====== Data records ======

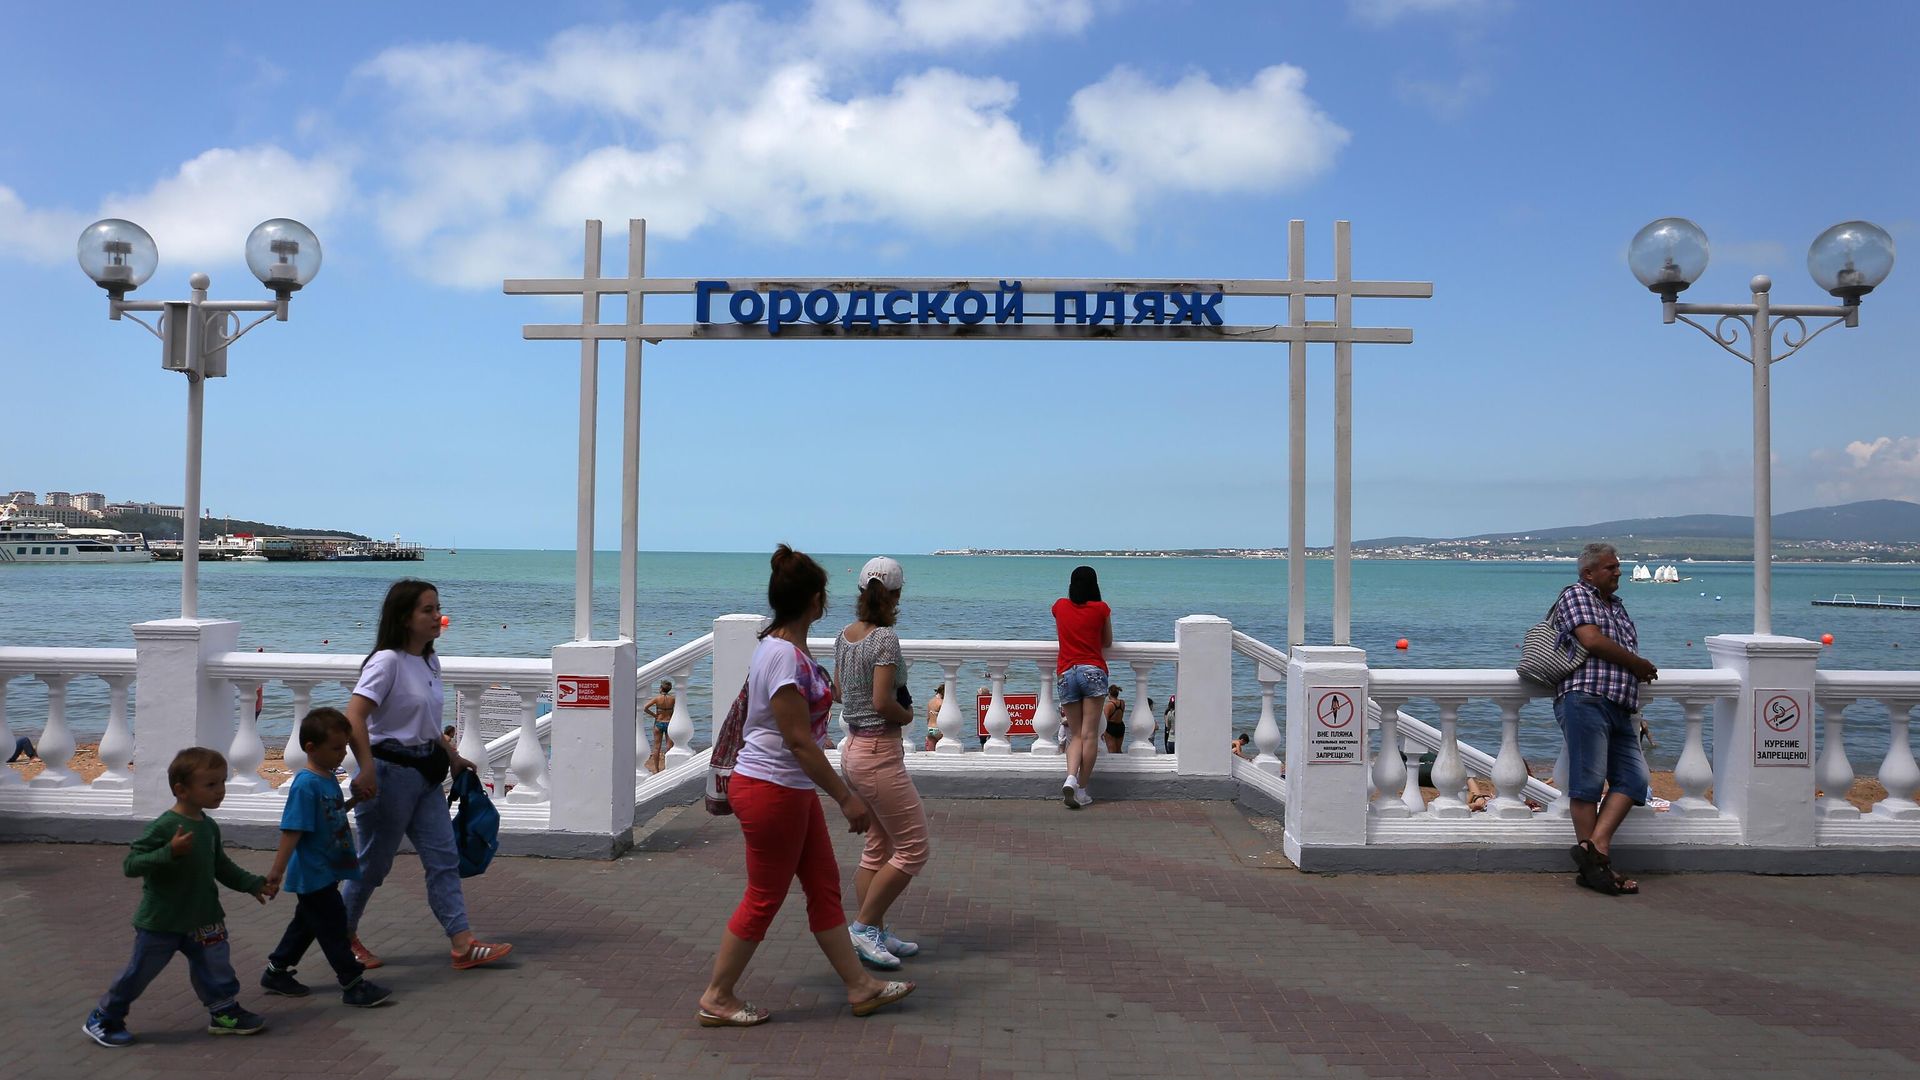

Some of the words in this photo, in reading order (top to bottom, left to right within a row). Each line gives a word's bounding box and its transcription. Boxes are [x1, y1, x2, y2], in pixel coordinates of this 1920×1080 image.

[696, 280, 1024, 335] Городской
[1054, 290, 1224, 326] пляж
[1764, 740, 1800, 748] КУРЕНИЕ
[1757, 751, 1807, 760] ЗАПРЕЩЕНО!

======

Required work: Once the pictures are dropped, repeat the data above exactly.

Response below:
Some of the words in this photo, in reading order (top to bottom, left to right within a row). Each line gives a word's bounding box and its transcription. Boxes are [x1, y1, x2, y2], in pixel coordinates of this 1920×1080 image.

[696, 280, 1024, 335] Городской
[1054, 290, 1224, 326] пляж
[1764, 740, 1800, 748] КУРЕНИЕ
[1757, 751, 1807, 760] ЗАПРЕЩЕНО!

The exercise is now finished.